In January, the state Supreme Court upheld those findings, including an order that the two risk pools must operate as separate entities. But the legal problems didn’t stop there, as the two pools entered into a debt-recovery agreement that, in effect, put them back under one roof.

This week’s agreement, if accepted by the hearing officer, could finally put the legal issues to rest. Representatives from both Property-Liability Trust and HealthTrust said they are ready to rebuild trust with the state and return their focus to their members. The agreement, however, gives the state considerable authority to monitor both entities’ actions and the power to stop Property-Liability Trust from entering into new contracts. Since the agreement is not final, the Bureau of Securities Regulation is not commenting on it at this time.

Under the agreement, Property-Liability Trust must pay an additional $519,000 that it still owes HealthTrust within 30 days of the agreement being signed. It also says Property-Liability Trust must fulfill all of its contracts with members through June 2016. But the trust cannot issue any new policies, extend or renew any contracts without approval by the Bureau of Securities Regulation. For approval, it would have to show it has the financial viability to support those policies. If it can’t prove that, the state could ask it to run off its obligations, effectively shutting it down, according to a copy of the agreement.

HealthTrust, for its part, is barred under the agreement from offering any plans that cover workers’ compensation, liability coverage or unemployment compensation insurance unless given permission by the state.

The agreement also gives a liaison for the Bureau of Securities Regulation on-site access to both HealthTrust and Property-Liability Trust for the next year. That liaison will have access to business, financial and nonprivileged documents. That liaison, as well as chief operating officers for both trusts and someone from the bureau, will meet monthly, under the terms of the agreement.

Executives from both HealthTrust and Property-Liability Trust said the agreement, if signed, will have little impact on the services they provide to members. But the agreement, particularly the oversight given to the bureau and the creation of a liaison, will serve to rebuild trust between the risk pools and the state.

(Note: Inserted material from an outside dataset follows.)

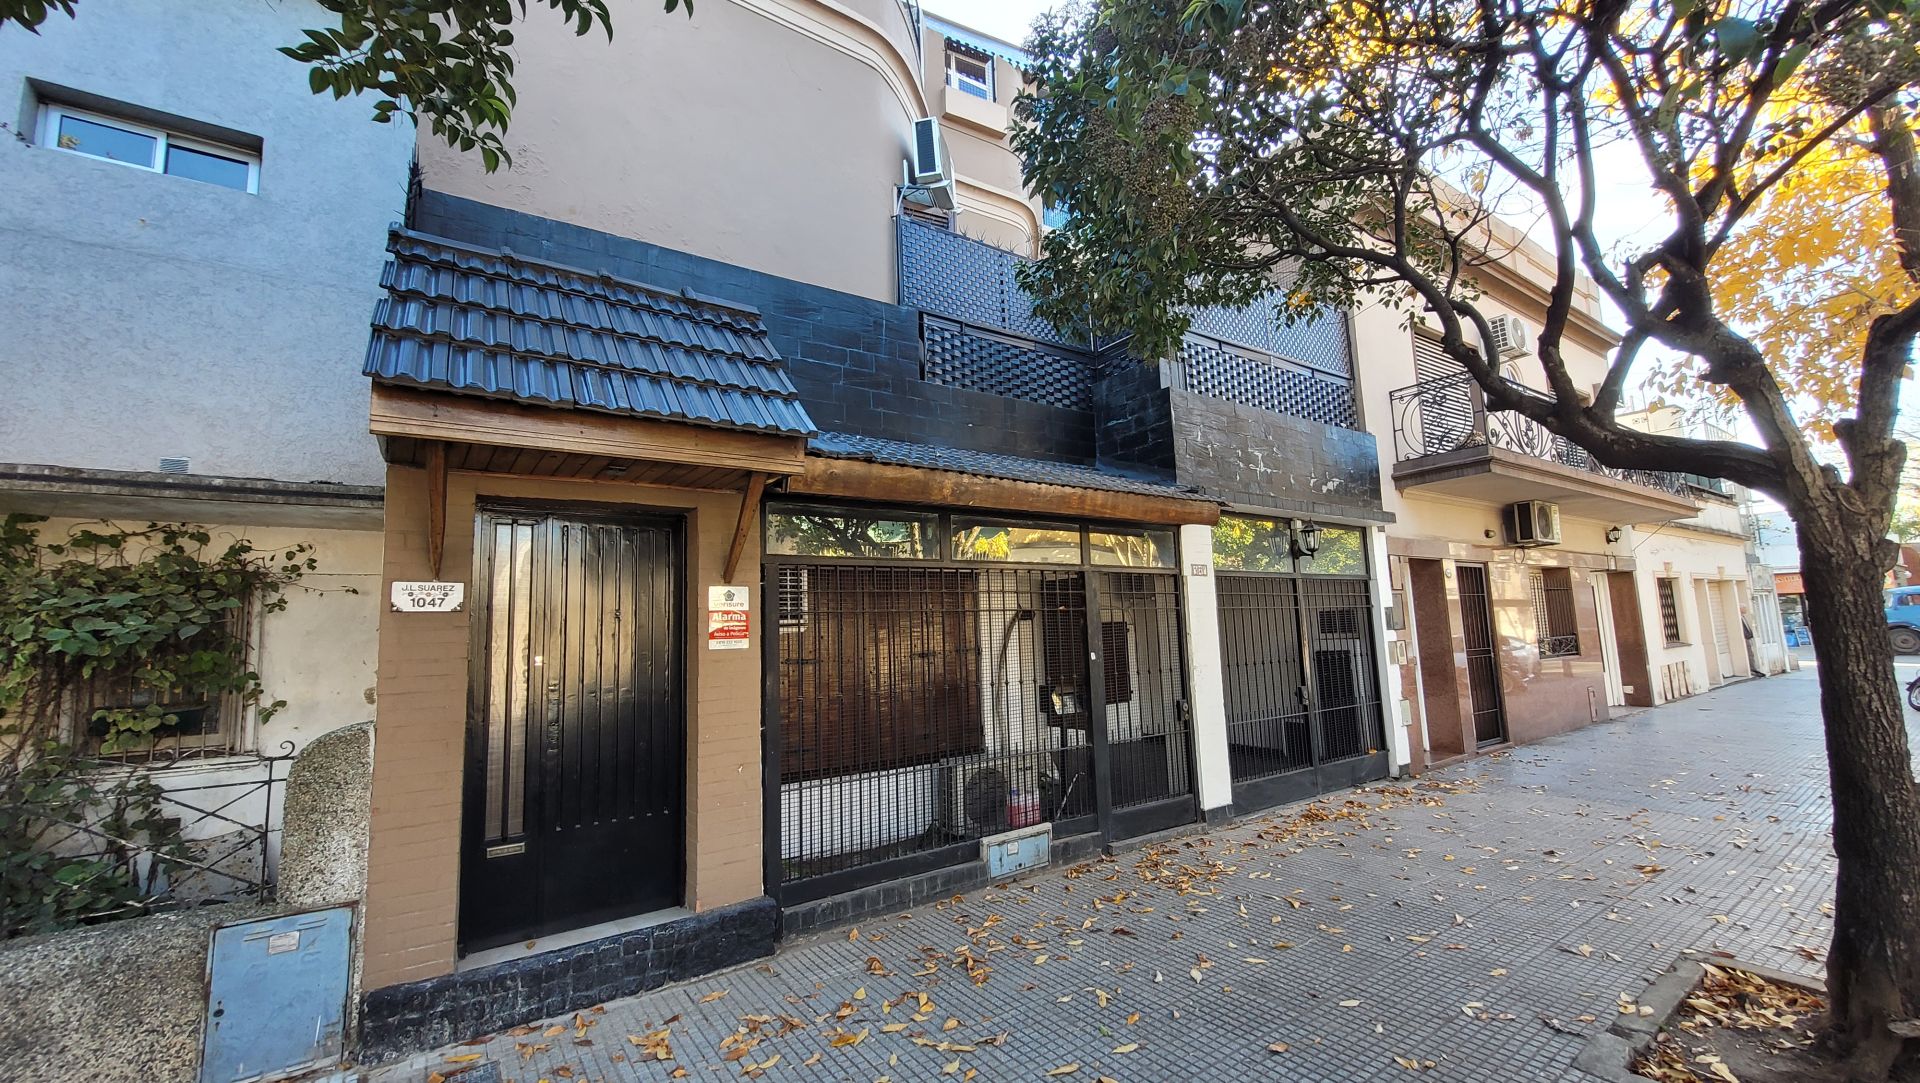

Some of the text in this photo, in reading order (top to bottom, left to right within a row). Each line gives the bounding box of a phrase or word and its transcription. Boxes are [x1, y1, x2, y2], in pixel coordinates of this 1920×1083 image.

[417, 584, 456, 592] SUAREZ
[409, 597, 446, 608] 1047
[712, 612, 746, 621] Alarma

“I think it’d actually be a good chance to build some bridges,” HealthTrust Executive Director Peter Bragdon said regarding the liaison. Despite a lengthy legal battle, he noted that more than 90 percent of HealthTrust members elected to renew their policies this year.

Wendy Parker, executive director of Property-Liability Trust, said she looks forward to building a positive relationship with the state going forward. For members, the BSR’s oversight over new policies will be “added security,” she said.

“The most important thing is our members know now that their coverage is secure,” she said.